Take a body in our own solar system and drill a hole to the center. Earth is a bit too hot but the Moon would work. Mars would be better but that’s too far away for a first prototype. In the center, build a chamber which can be isolated completely from the outside. That would need a lot of technology but it should be possible to create a room where an object would not be influenced by any external forces or any information exchange (photons).

Next, you create a similar chamber in a second place. This can be anywhere in the universe. Distance doesn’t matter. Only that you have two places that you can “seal” from the rest of the universe.

Now the trick: You put an object in chamber 1 and measure whether it is still there. You do the same in chamber 2. There are ways to measure with slightly different probabilities for whether you’ll find an object or not. This is a quantum effect. In chamber 1, you’ll use an effect with a slightly higher probability that it will return “nothing here”, in chamber 2, you’ll use a method with a slight lean towards “object is here”.

In normal physics, this is ridiculous but not at a quantum level. At a quantum level, as soon as you completely isolate an object from the outside and make sure that no information whatsoever can be exchanged with the surrounding chamber, it doesn’t matter anymore in which chamber the object really is. You have created a really huge qubit, a system where nobody can say anymore at which place the object currently is.

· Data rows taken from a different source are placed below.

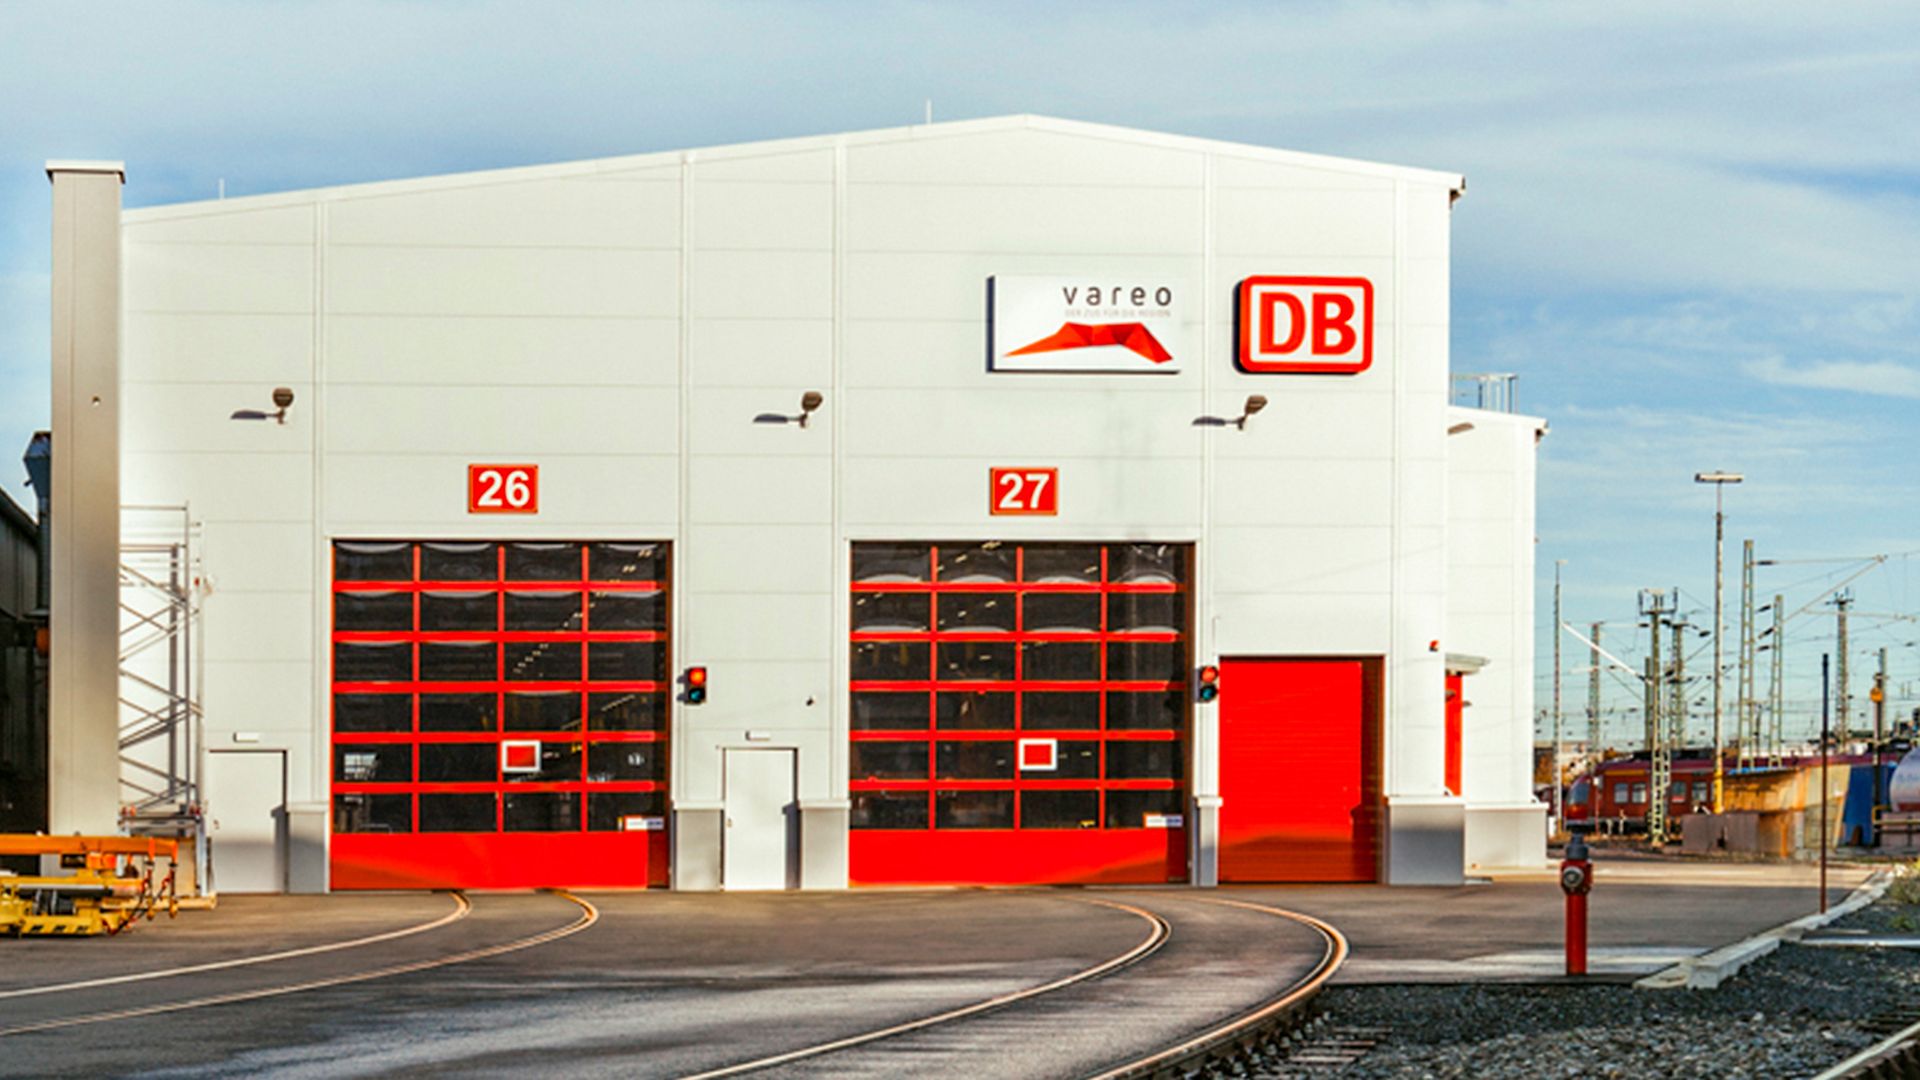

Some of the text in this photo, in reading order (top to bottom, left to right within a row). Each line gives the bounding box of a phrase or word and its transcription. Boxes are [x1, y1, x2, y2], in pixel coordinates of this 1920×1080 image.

[1063, 286, 1172, 306] vareo
[1259, 292, 1357, 356] DB
[477, 470, 531, 508] 26
[999, 472, 1050, 509] 27
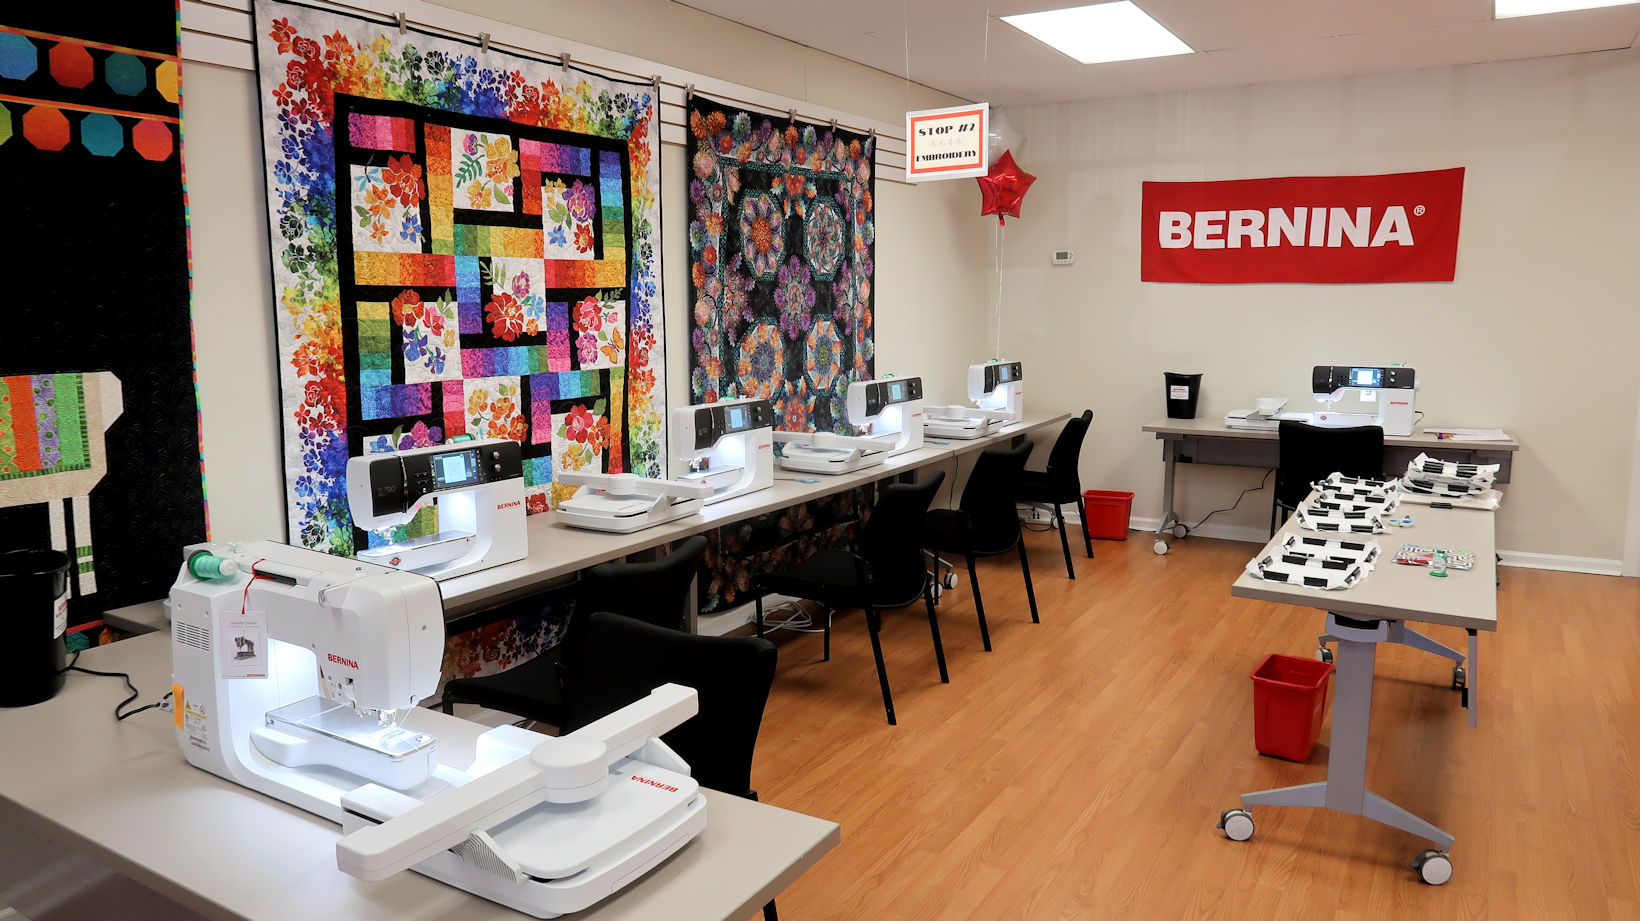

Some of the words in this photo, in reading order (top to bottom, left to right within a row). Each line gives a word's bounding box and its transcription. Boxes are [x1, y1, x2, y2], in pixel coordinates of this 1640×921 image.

[918, 126, 953, 136] STOP
[958, 123, 975, 133] #2
[916, 150, 976, 162] EMBROIDERY
[497, 500, 521, 510] BERNINA
[328, 653, 359, 669] BERNINA
[631, 775, 679, 793] BERNINA

In that very moment, as soon as no one can tell, the universe will stop caring and by using the clever measurement technique, you constantly nudge the object to “jump” to chamber 2. After a long but finite number of measurements, it will be gone from chamber 1. And if no other alien race came up with the same idea, it must now be in chamber 2 because that’s the only other place in the universe where it could be.

If you wonder why we had to drill to the center of a moon or planet: That’s the only place in our solar system where no gravitational forces pull at an object (gravity would also count as “information exchange”). You could try a Lagrangian point but there, you’d have a hard to time to shield the object from all the radiation in space — the mass of the moon would do that for you. Next, you’ll need to cool the chamber to absolute zero to prevent heat photon exchange and you’ll need a large blob of water to shield the chamber against neutrinos.

As far as I can tell, the only hole in the theory is microgravity: Will it be possible to shield the object from the tiny gravitational forces that still exist even at the core of a big object in free fall? If the answer to this is yes, then we might have an interstellar transporter which is even pretty efficient. Transport will take some time (until the way of measurement has driven the probability up or down enough) but the change of location itself will be instantaneous.